After an ingenious opening credit sequence, in which see the grown-up Logan (Hugh Jackman) and Victor (Liev Schreiber) serve in every major American war, Victor's insatiable need to hunt and kill gets them both sentenced to death by a firing squad, only the bullets fail to make much of an impact. An army colonel named William Stryker (Danny Huston) offers them freedom if they join his special task force, a team that includes other mutant recruits, including Wade Wilson (Ryan Reynolds), an expert swordsman with the ability to slice through speeding bullets; John Wraith (will.i.am), who can teleport; Fred Dukes (Kevin Durand), whose giant size and strength eventually earn him the moniker, The Blob; and Chris Bradley (Dominic Monaghan), who can generate and control electricity with his mind.
After Logan witnesses the corruption and devastation Stryker's team causes (the team is on a mission to find a rare element), he goes into exile, working as a lumberjack and falling in love with Kayla (Lynn Collins), who possesses the gift of persuasion. Naturally, Stryker and Victor find Logan and have a plan for him. Without giving away crucial plot details, which you can no doubt assume for yourself, Logan undergoes a scientific procedure that cements adamantium to his skeletal structure, thus turning him into the Wolverine we all know and love. Afterward, he embarks on a mission of revenge against Stryker and Victor.

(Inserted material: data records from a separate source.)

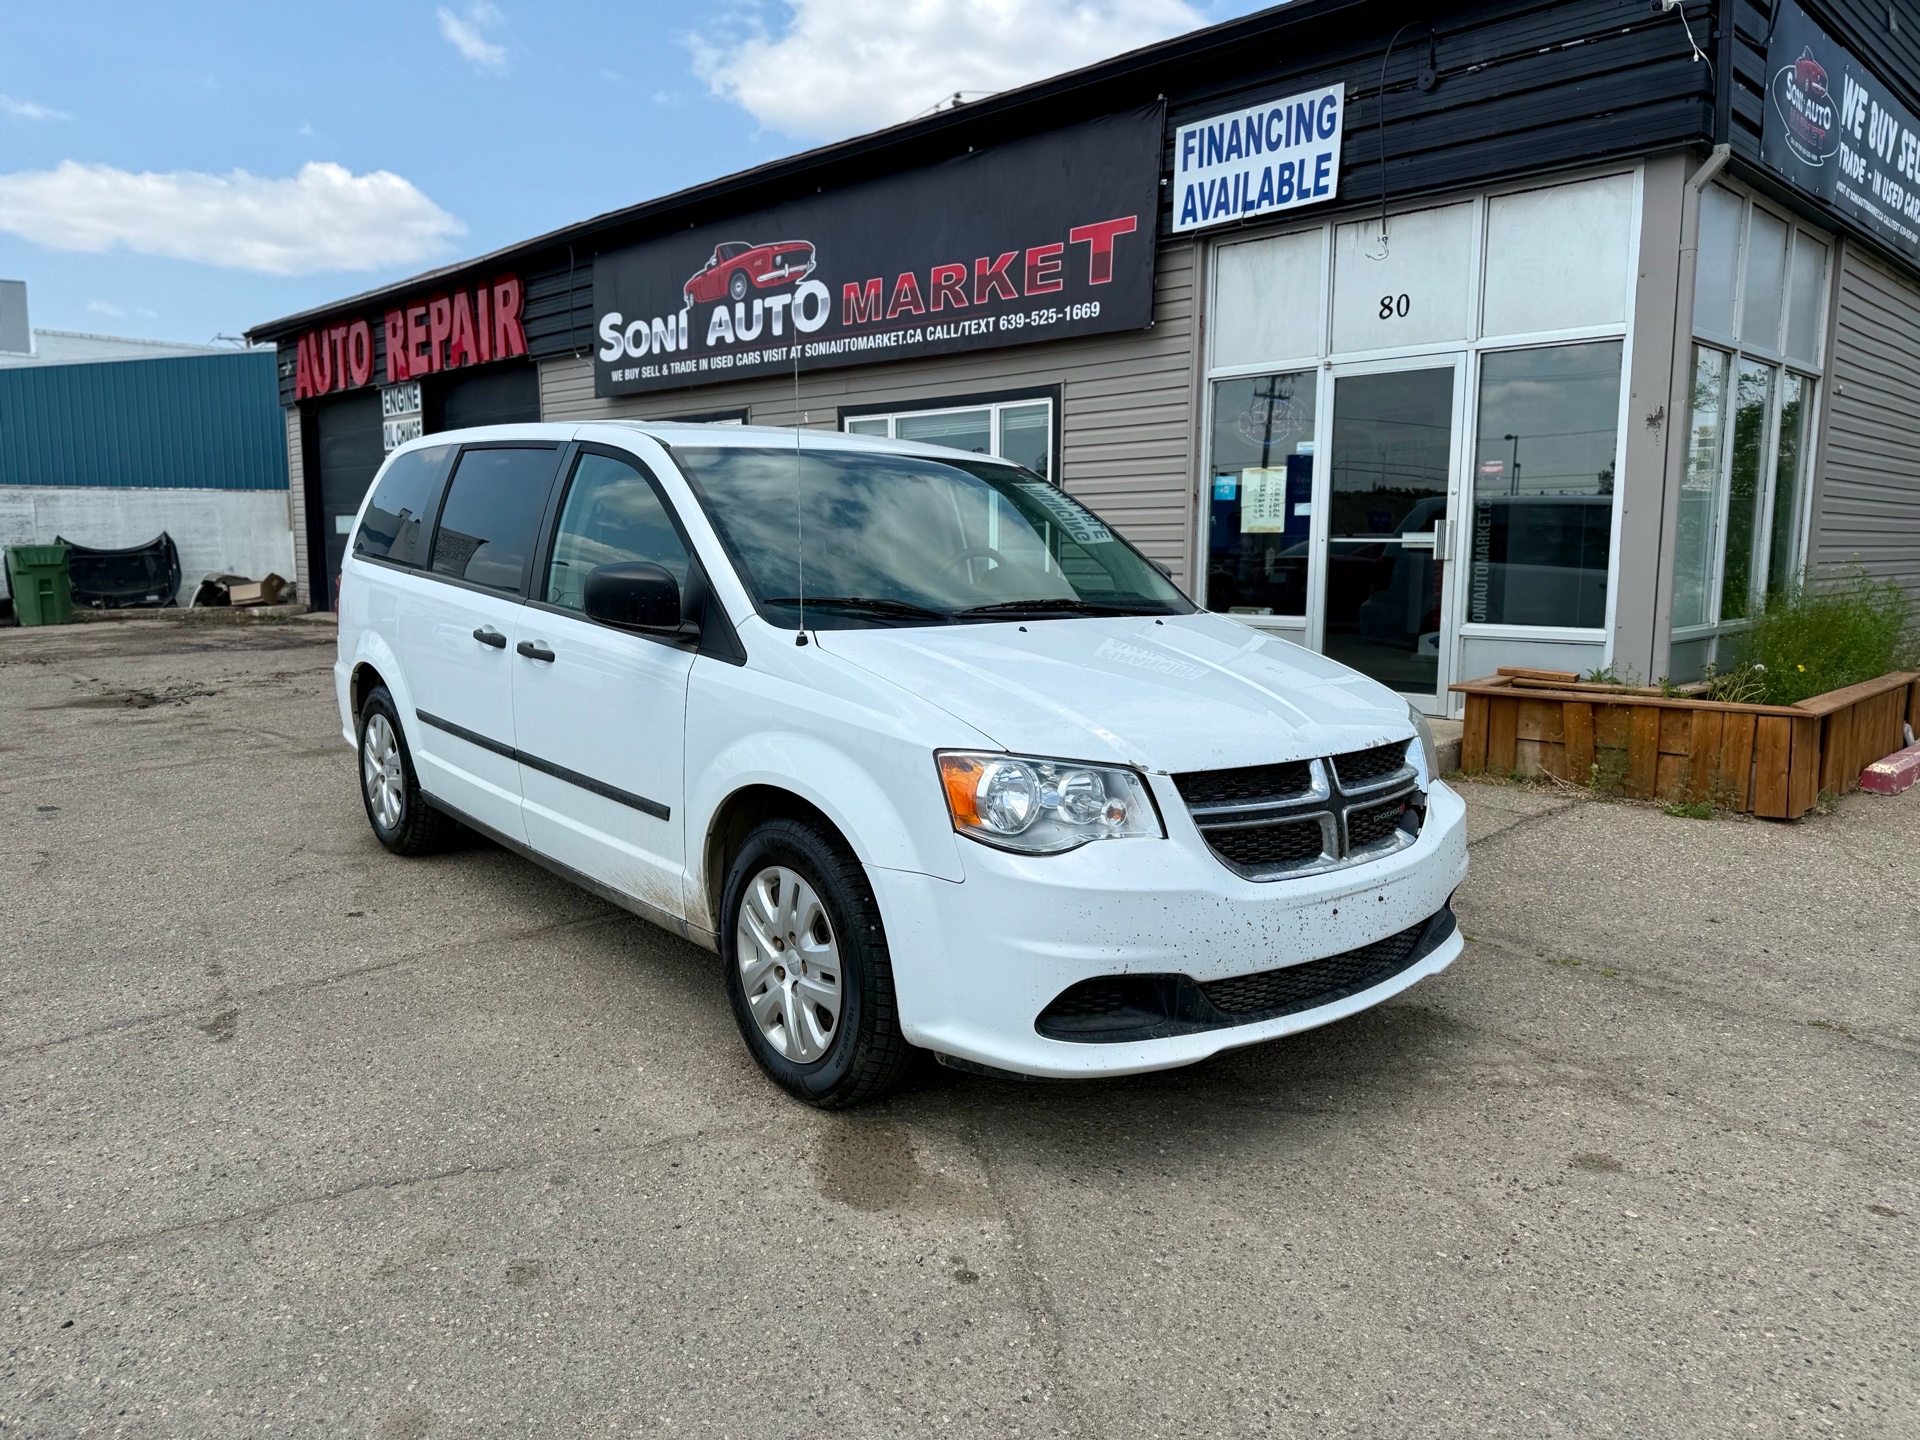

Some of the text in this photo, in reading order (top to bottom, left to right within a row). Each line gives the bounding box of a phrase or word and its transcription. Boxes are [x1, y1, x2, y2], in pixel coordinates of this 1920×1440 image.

[1182, 94, 1337, 172] FINANCING
[1786, 71, 1831, 130] SONI AUTO
[1841, 72, 1868, 140] WE
[1868, 100, 1898, 164] BUY
[1180, 152, 1333, 225] AVAILABLE
[1839, 141, 1867, 184] TRADE
[1872, 169, 1882, 197] IN
[1882, 176, 1904, 211] USED
[599, 215, 1137, 362] SONI AUTO MARKET
[1379, 293, 1410, 319] 80
[295, 272, 528, 399] AUTO REPAIR
[611, 301, 1101, 382] WE BUY SELL & TRADE IN USED CARS VISIT AT SONIAUTOMARKET.CA CALL/TEXT 639-525-1669
[384, 384, 419, 414] ENGINE
[385, 423, 396, 447] OIL
[1472, 495, 1492, 622] ONIAUTOMARKET.C
[1373, 806, 1401, 823] DODGE

There are a few decent moments in Wolverine, sure, including the scenes when Logan stumbles upon a remote farm where an older couple (Max Cullen and Julia Blake), not unlike Jonathan and Martha Kent, treat him like their long lost son. There's an amusing sequence when Logan tests his metal claws for the first time and destroys their bathroom sink.

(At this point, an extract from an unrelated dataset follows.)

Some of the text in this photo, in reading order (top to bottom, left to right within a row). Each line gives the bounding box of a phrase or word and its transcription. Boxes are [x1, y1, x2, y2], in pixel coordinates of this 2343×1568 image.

But aside from a few bombastic action sequences, there's nothing about the movie that makes it terribly special. It plays like a routine action picture where even the most expensive scenes fail to invigorate us with much excitement. There's an ambitious helicopter sequence, which has been plugged in all the trailers and TV spots, but it falls flats and merely gives us the feeling of "eh."
What I don't understand is why screenwriters David Benioff and Skip Woods never give Logan any quiet moments of self-reflection, perhaps when he can step outside himself and his situation to ponder his own fate and purpose. The movie doesn't allow time for any personal moments. It's action scene after action scene, which are not very thrilling, and which make Wolverine less complex in our eyes. At least in the previous X-Men movies there was a mystique and curiosity about him that kept us interested in who he was. Now it just wants to show him off, along with too many other mutants like Gambit (Taylor Kitsch), who can manipulate energy with his playing cards, and Scott Summers (Tim Pocock), a.k.a. Cyclops.

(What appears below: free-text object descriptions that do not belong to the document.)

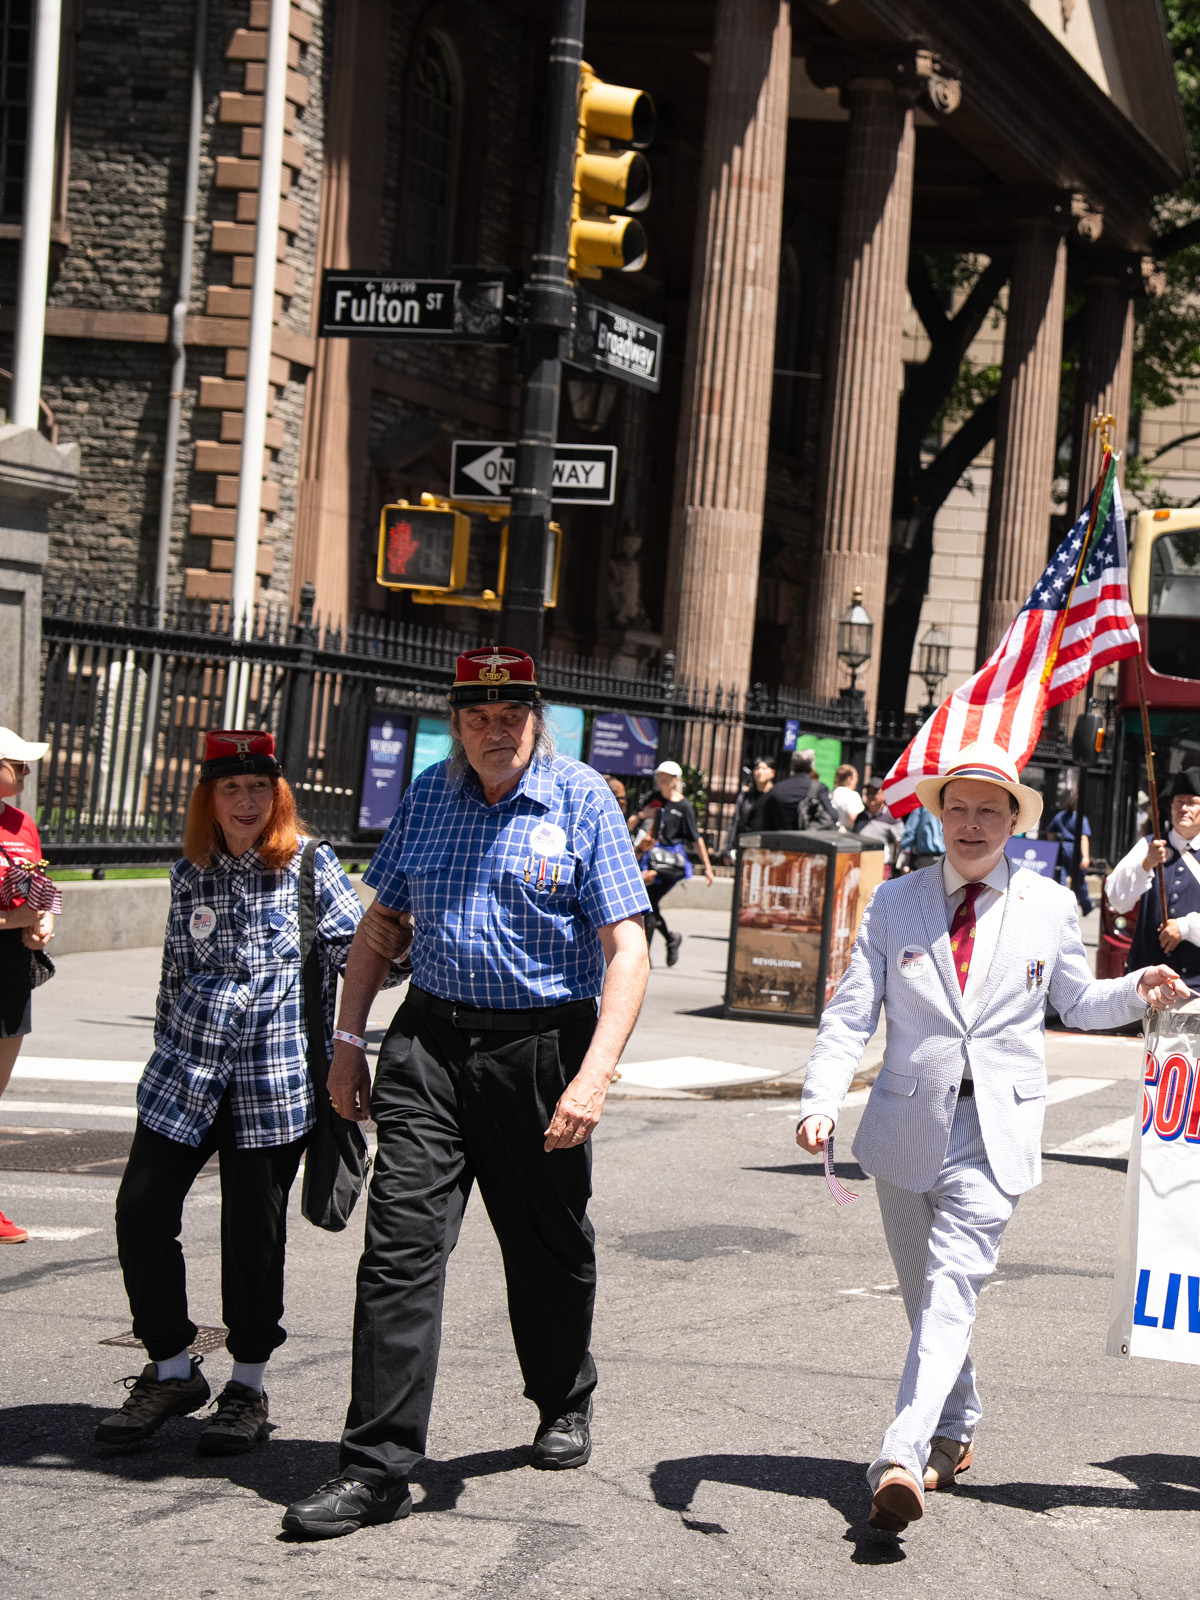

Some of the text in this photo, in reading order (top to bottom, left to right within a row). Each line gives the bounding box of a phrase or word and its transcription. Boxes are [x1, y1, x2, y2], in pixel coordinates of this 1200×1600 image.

[334, 290, 444, 324] Fulton ST
[598, 322, 655, 375] Broadway
[484, 460, 595, 484] ON WAY
[236, 741, 250, 753] H
[752, 956, 803, 969] REVOLUTION

Perhaps I've been spoiled by too many good superhero movies recently, including Spider-Man 2, Batman Begins, Iron Man, The Dark Knight and the overlooked Hellboy II. Wolverine just doesn't have the same drama or imagination as those films. Even on its own, it's a mediocre action extravaganza with no emotional hook or real sense of wonder. The filmmakers merely try to ride the image of Wolverine but forget it's a hero's character that makes us want to spend time with him, not his claws or leather jacket. If the filmmakers aren't willing to develop the character within a thoughtful story, why should we care about watching him?